Germany 1932: A Primer
But circling back to Clyburn’s disingenuous contention that Trump using the federal courts to question the legitimacy of the election is somehow Hitler-esque. Here is the thing: Nothing that is happening today is anything comparable to what transpired 90 years ago.
In the July 1932 German federal election, Hitler’s National Socialist German Workers’ Party received 13.745 million votes, or 37.2% of the vote. This gave the Nazis 230 seats, a gain of 123, but it was not enough to secure a majority government. Germany was governed by a fragmented parliament, which eventually resulted in President Paul von Hindenburg reluctantly appointing Hitler as chancellor of Germany. He soon abolished the democratic system and implemented a one-party state, becoming a dictator.

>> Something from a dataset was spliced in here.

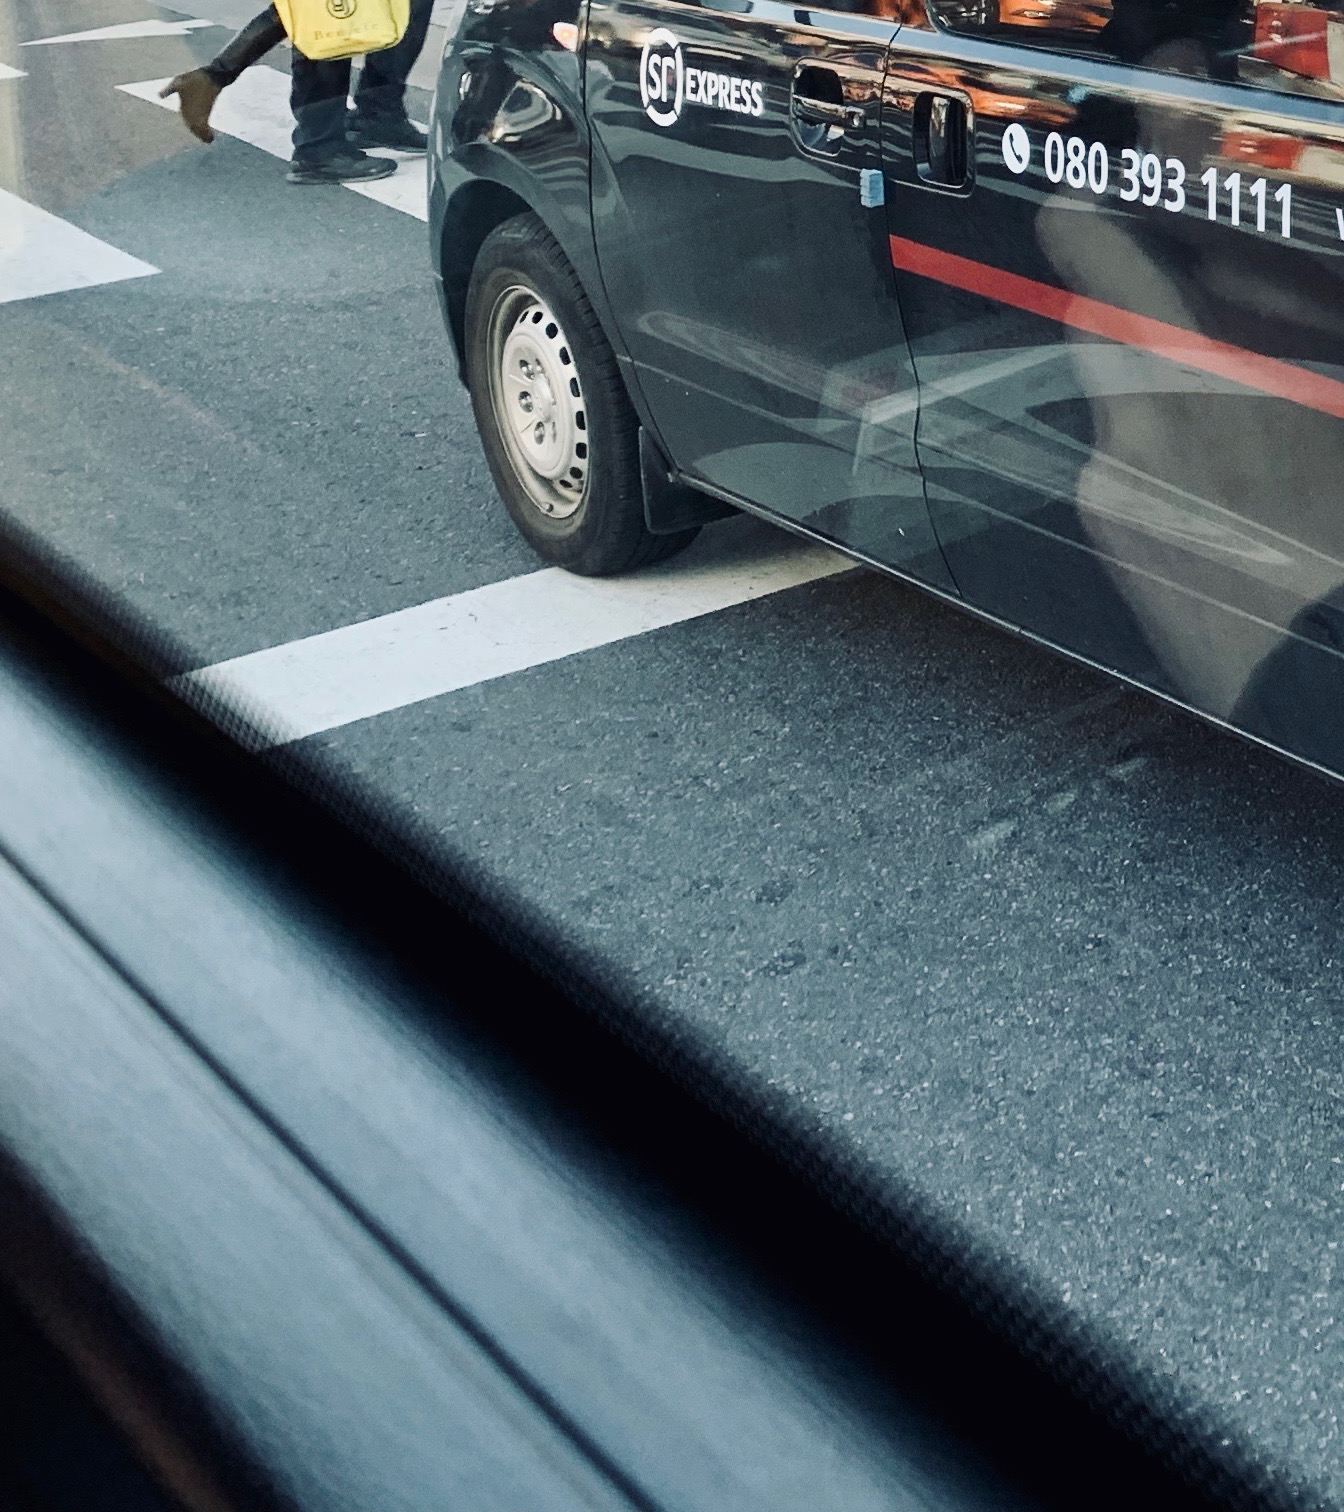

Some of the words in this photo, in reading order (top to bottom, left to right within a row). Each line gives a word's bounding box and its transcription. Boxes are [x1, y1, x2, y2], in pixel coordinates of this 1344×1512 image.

Has President Trump abolished elections, made himself president for life, and eviscerated his opposition? In the case of the 2020 election chaos, Trump and his legal team are using the judicial process to present their case of widespread voter fraud. Whether the president wins his argument or not is a different story. For now, the two situations have nothing to do with each other, suggesting that the left needs to study German history and quit thinking all their opponents are the spawn of Hitler.
The Boy Who Cried Hitler
It has been averred that if everyone is Hitler, then nobody is Hitler. Comparing a president or a governor in the United States to the madman from Austria trivializes the six million Jews who died in the Holocaust, as well as the millions more who lost their lives across Europe. Unless an administration is advocating the systematic slaughter of an ethnic group and tossing them into gas chambers, it might be time to tone down the asinine rhetoric. Will the next Republican nominee or president also be Hitler? It sounds like the premise of a 1960s shlock feature film, a la They Saved Hitler’s Brain.